> Aim of the task
Write every entry out again with no changes, and leave the images behind.

Information given section start

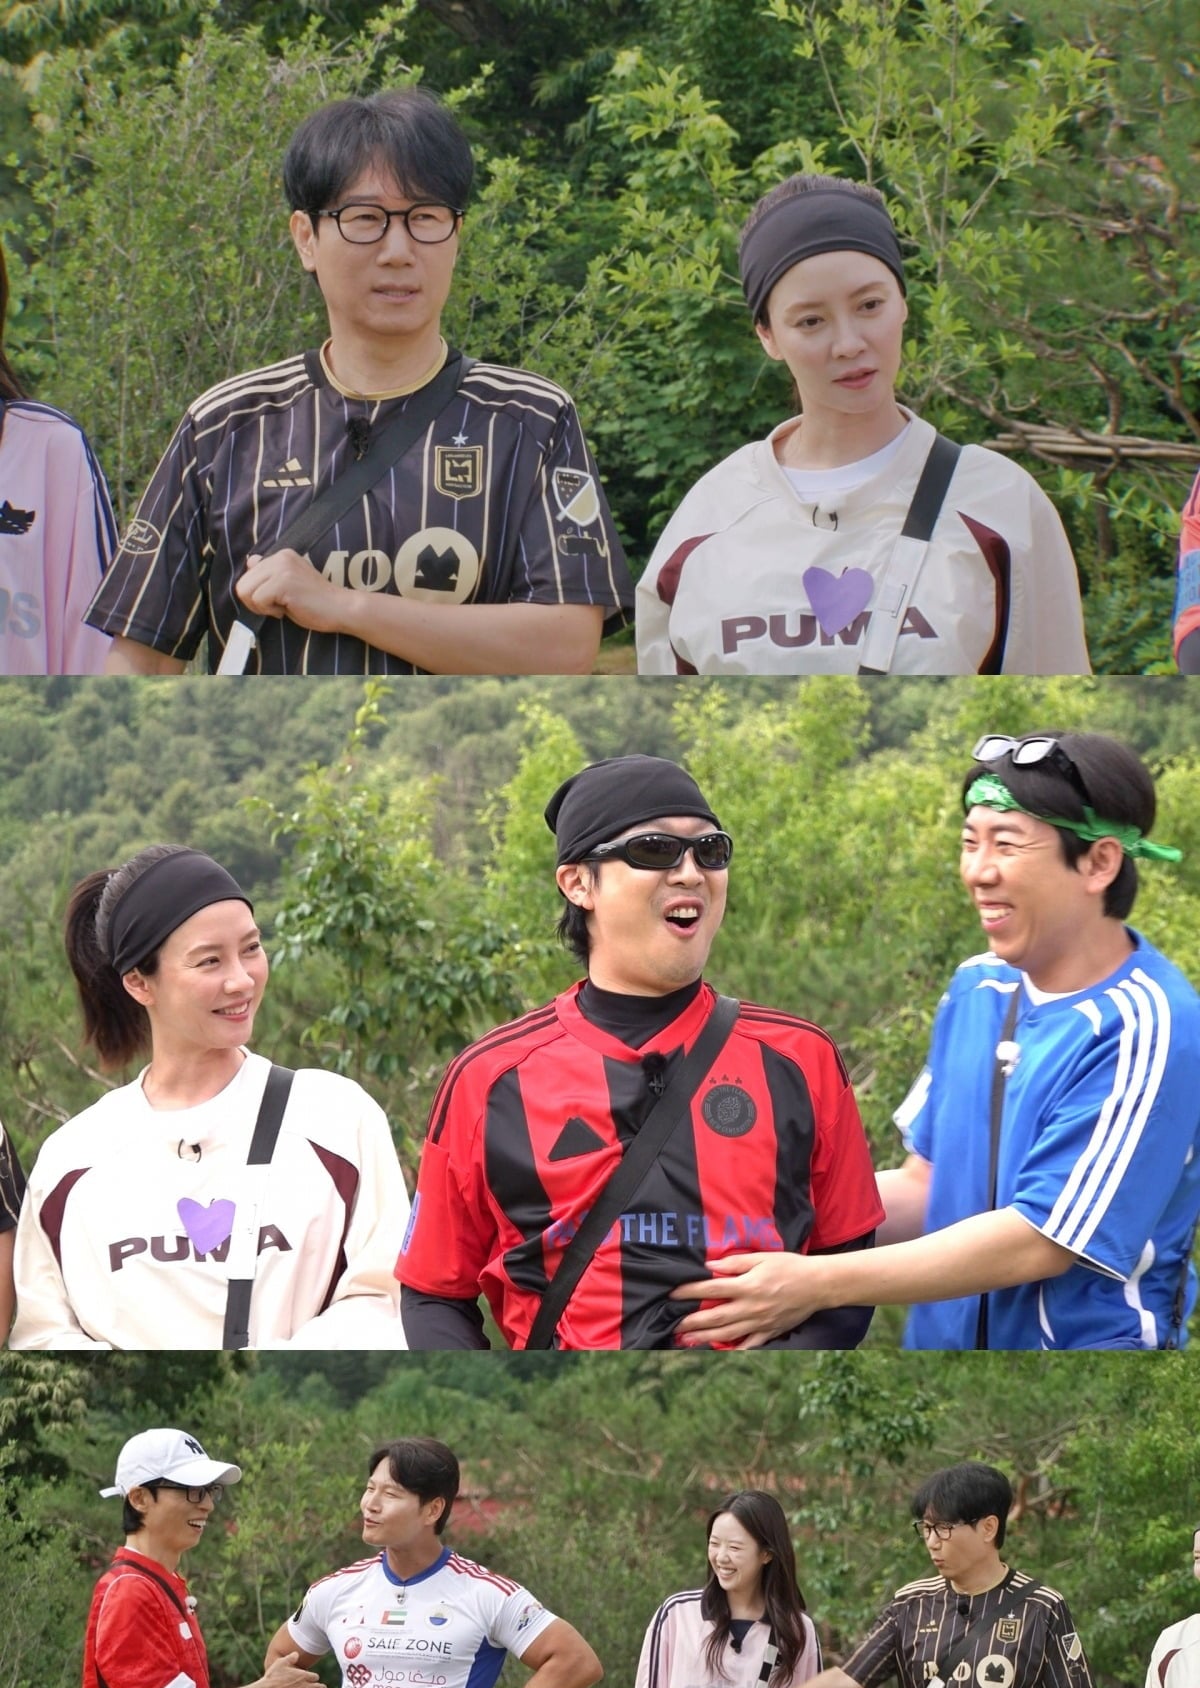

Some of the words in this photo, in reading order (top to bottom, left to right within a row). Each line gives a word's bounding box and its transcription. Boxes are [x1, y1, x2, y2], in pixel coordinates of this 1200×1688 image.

[619, 1212, 678, 1246] THE
[686, 1214, 783, 1249] FLAME
[367, 1636, 402, 1650] SAIF
[405, 1639, 453, 1655] ZONE
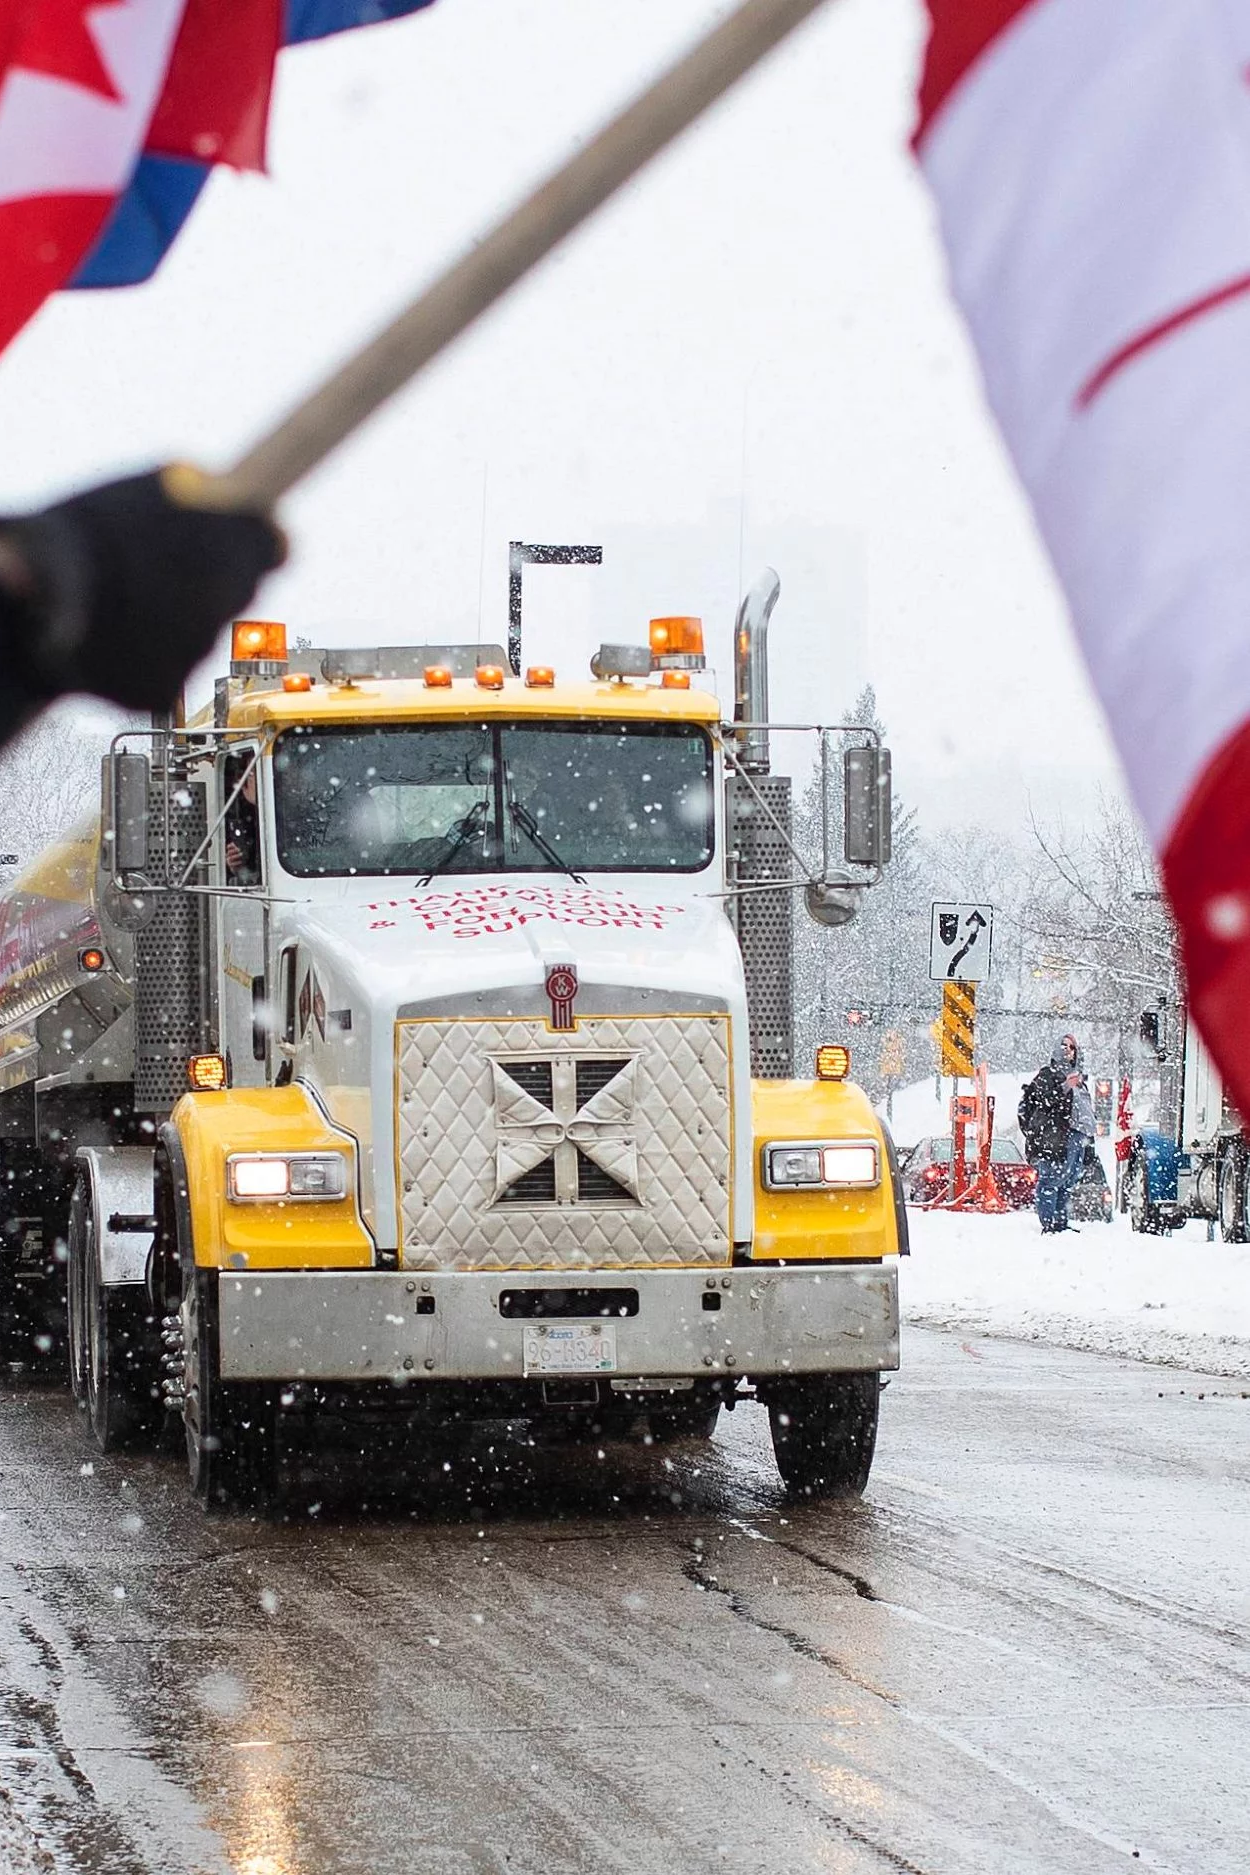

Information given section end

> Answer to this problem
Some of the words in this photo, in reading order (top to bottom, left to right within a row). Each line gives a word's bounding box and its transcription. Boxes are [x1, y1, x2, y2], in pixel coordinates of this 1200×1688 image.

[619, 1212, 678, 1246] THE
[686, 1214, 783, 1249] FLAME
[367, 1636, 402, 1650] SAIF
[405, 1639, 453, 1655] ZONE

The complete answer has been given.